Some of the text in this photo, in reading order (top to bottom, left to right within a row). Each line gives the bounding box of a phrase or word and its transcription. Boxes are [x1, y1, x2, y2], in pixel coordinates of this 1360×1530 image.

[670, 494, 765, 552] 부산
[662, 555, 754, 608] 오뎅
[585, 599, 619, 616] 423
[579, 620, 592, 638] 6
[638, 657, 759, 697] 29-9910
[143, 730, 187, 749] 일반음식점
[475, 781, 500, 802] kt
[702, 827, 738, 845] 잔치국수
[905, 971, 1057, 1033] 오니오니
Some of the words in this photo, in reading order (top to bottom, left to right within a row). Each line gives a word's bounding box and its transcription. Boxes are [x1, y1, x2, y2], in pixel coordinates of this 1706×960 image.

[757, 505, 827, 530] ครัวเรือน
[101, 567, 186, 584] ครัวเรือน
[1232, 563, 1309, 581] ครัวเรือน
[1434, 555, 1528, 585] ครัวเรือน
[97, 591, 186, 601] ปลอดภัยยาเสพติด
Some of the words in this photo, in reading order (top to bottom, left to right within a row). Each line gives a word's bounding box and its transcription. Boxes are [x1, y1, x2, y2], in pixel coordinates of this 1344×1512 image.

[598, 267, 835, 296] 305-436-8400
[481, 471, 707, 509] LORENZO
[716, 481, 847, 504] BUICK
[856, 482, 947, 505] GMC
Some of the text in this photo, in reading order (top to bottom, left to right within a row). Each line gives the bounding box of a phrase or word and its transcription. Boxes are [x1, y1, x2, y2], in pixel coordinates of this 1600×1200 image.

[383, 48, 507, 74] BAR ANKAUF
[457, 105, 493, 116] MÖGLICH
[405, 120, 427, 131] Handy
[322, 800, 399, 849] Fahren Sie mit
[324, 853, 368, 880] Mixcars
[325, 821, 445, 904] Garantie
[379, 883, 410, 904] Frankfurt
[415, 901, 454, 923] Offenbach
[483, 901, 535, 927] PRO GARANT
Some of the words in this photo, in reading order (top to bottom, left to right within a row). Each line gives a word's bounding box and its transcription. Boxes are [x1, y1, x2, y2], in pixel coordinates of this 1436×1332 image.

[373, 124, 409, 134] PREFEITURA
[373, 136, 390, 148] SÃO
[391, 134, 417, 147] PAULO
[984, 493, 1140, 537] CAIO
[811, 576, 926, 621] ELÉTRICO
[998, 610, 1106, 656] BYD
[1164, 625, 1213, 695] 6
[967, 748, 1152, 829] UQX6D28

▶ **WHAT YOU NEED TO DO**
Print, without any change, the line containing "this 1600×1200 image." and each line after it to the end of the material.

▶ **EXERCISE RESULT**
Some of the text in this photo, in reading order (top to bottom, left to right within a row). Each line gives the bounding box of a phrase or word and its transcription. Boxes are [x1, y1, x2, y2], in pixel coordinates of this 1600×1200 image.

[383, 48, 507, 74] BAR ANKAUF
[457, 105, 493, 116] MÖGLICH
[405, 120, 427, 131] Handy
[322, 800, 399, 849] Fahren Sie mit
[324, 853, 368, 880] Mixcars
[325, 821, 445, 904] Garantie
[379, 883, 410, 904] Frankfurt
[415, 901, 454, 923] Offenbach
[483, 901, 535, 927] PRO GARANT
Some of the words in this photo, in reading order (top to bottom, left to right within a row). Each line gives a word's bounding box and its transcription. Boxes are [x1, y1, x2, y2], in pixel coordinates of this 1436×1332 image.

[373, 124, 409, 134] PREFEITURA
[373, 136, 390, 148] SÃO
[391, 134, 417, 147] PAULO
[984, 493, 1140, 537] CAIO
[811, 576, 926, 621] ELÉTRICO
[998, 610, 1106, 656] BYD
[1164, 625, 1213, 695] 6
[967, 748, 1152, 829] UQX6D28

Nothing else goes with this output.